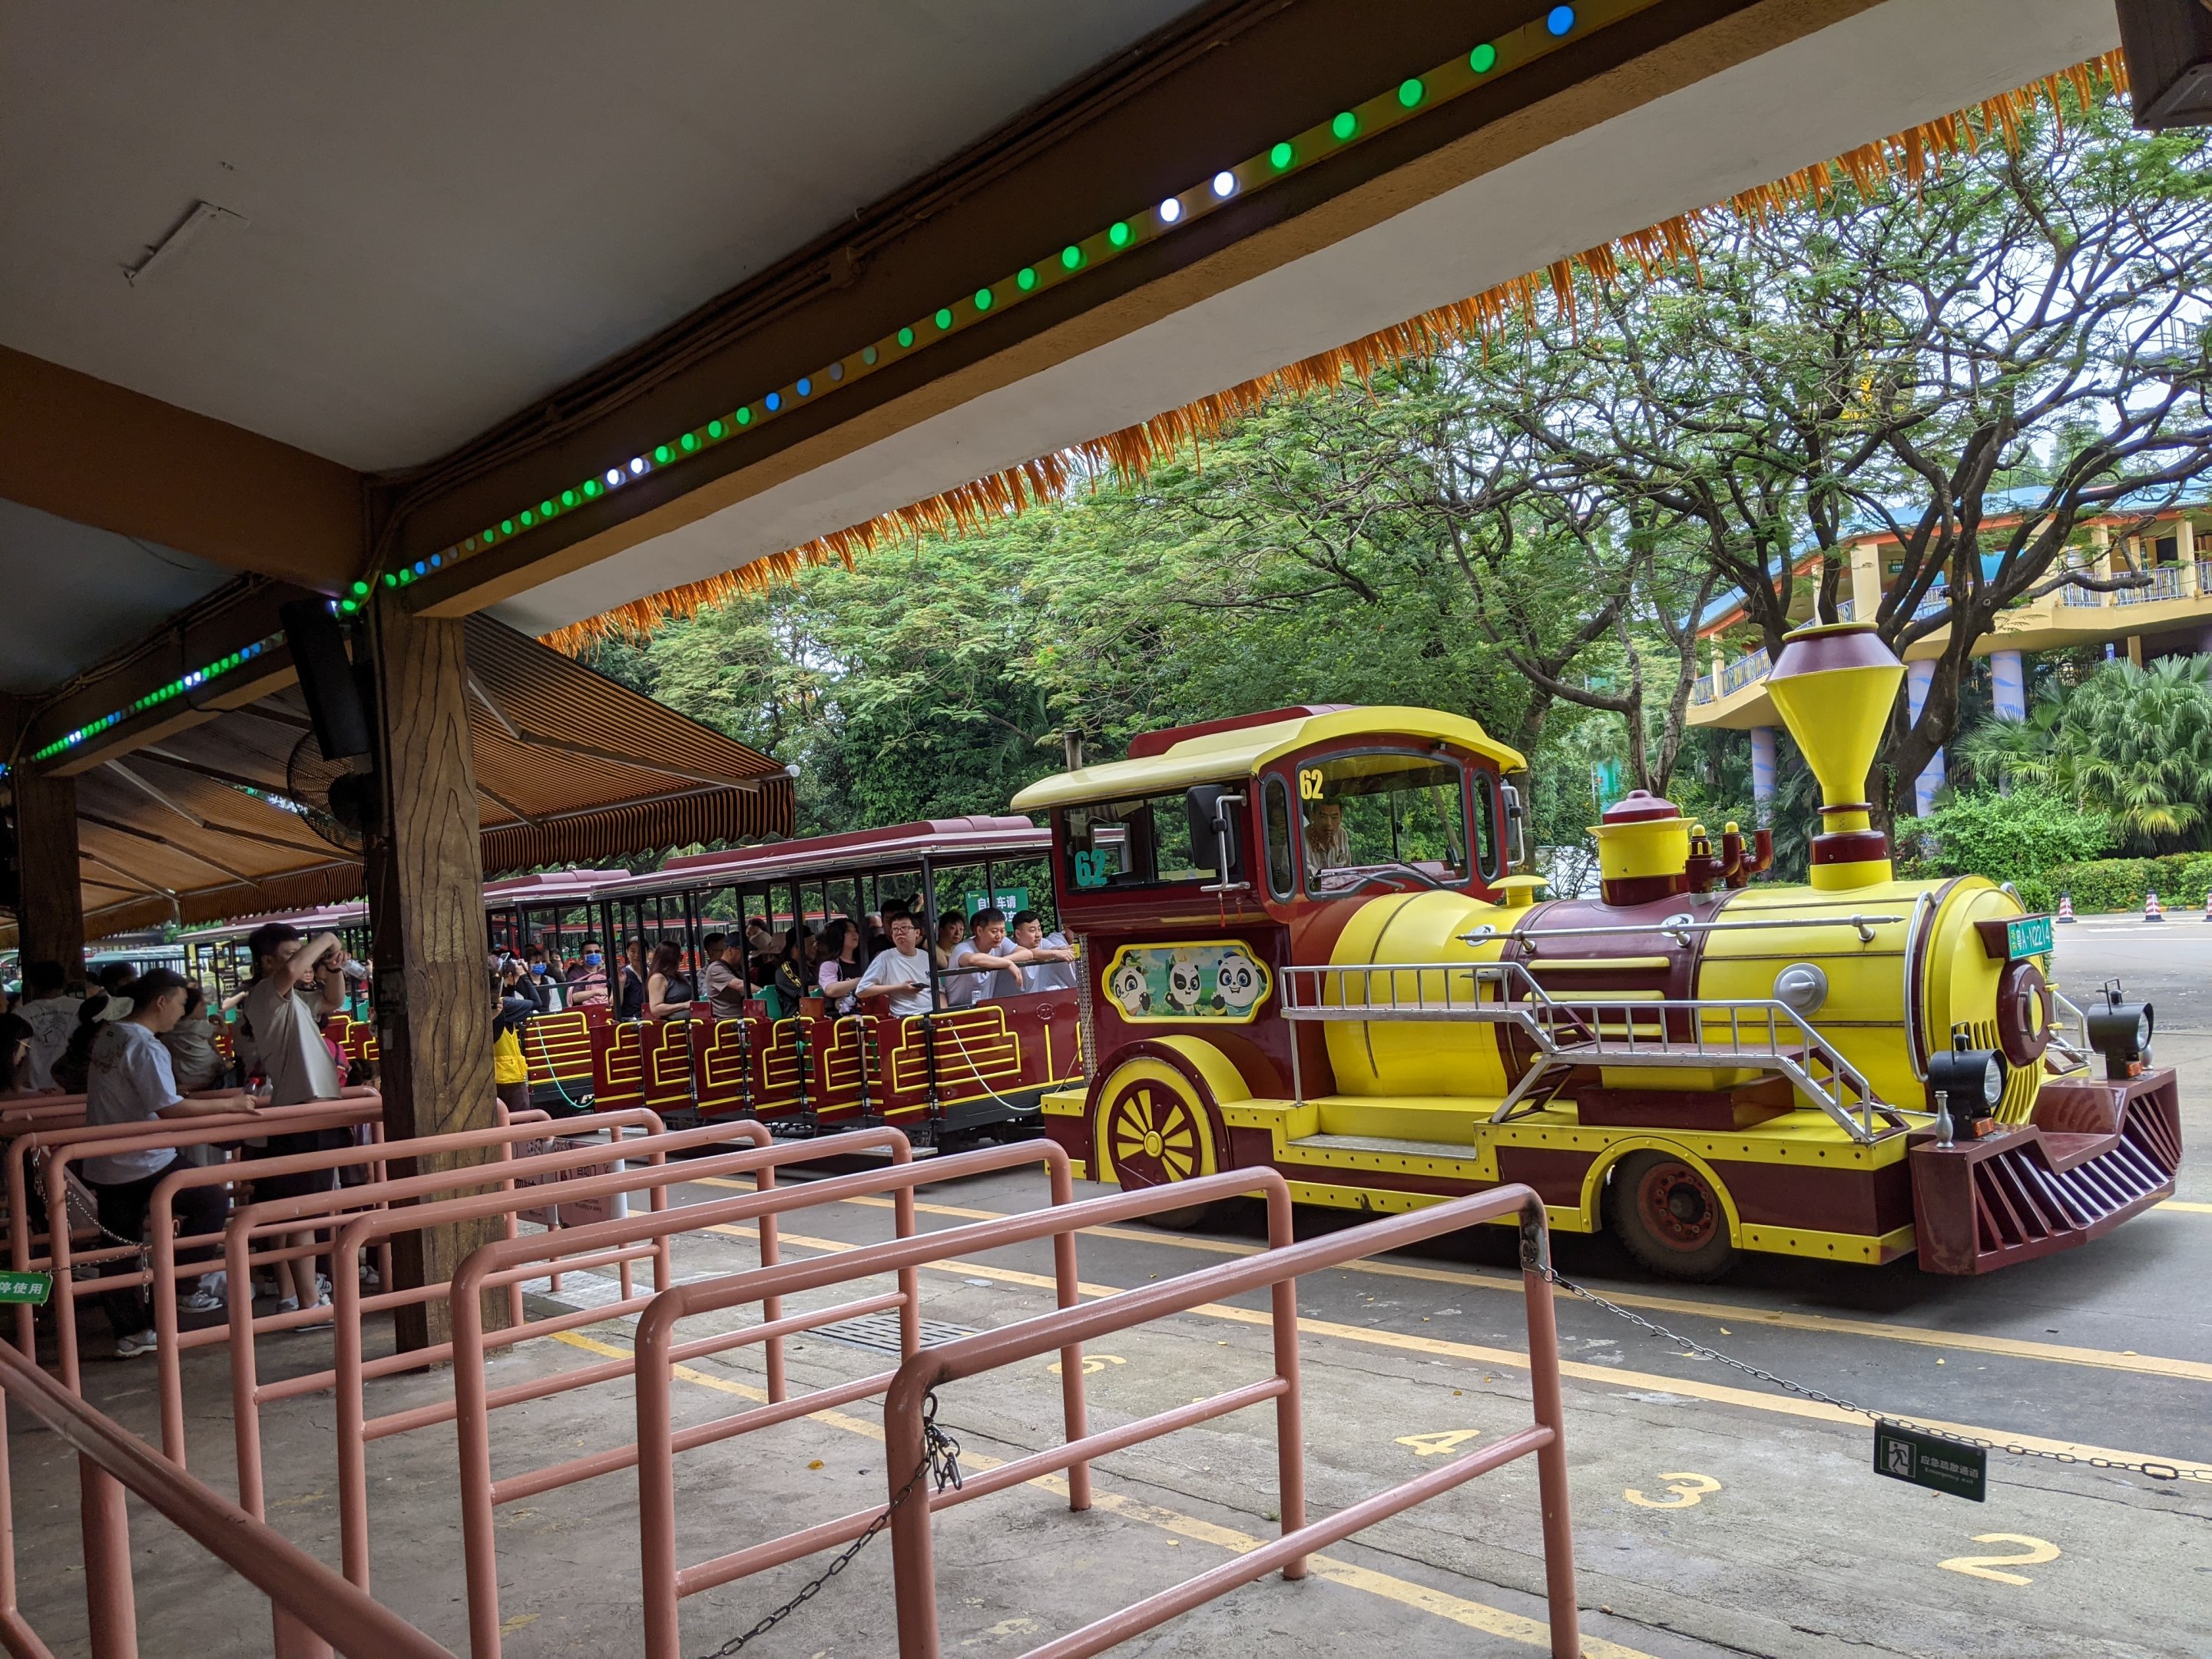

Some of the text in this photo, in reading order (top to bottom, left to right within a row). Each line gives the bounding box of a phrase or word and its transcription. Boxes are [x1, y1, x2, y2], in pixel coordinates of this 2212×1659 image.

[1299, 769, 1323, 800] 62
[1075, 848, 1108, 886] 62
[1393, 1429, 1482, 1456] 4
[1921, 1455, 1979, 1479] 应急疏散通道
[1623, 1472, 1721, 1509] 3
[1936, 1532, 2062, 1587] 2

━━━━

Aim of the exercise: Nothing but an exact copy of the data above, minus its pictures, should appear in the response.

Answer space:
Some of the text in this photo, in reading order (top to bottom, left to right within a row). Each line gives the bounding box of a phrase or word and its transcription. Boxes are [x1, y1, x2, y2], in pixel coordinates of this 2212×1659 image.

[1299, 769, 1323, 800] 62
[1075, 848, 1108, 886] 62
[1393, 1429, 1482, 1456] 4
[1921, 1455, 1979, 1479] 应急疏散通道
[1623, 1472, 1721, 1509] 3
[1936, 1532, 2062, 1587] 2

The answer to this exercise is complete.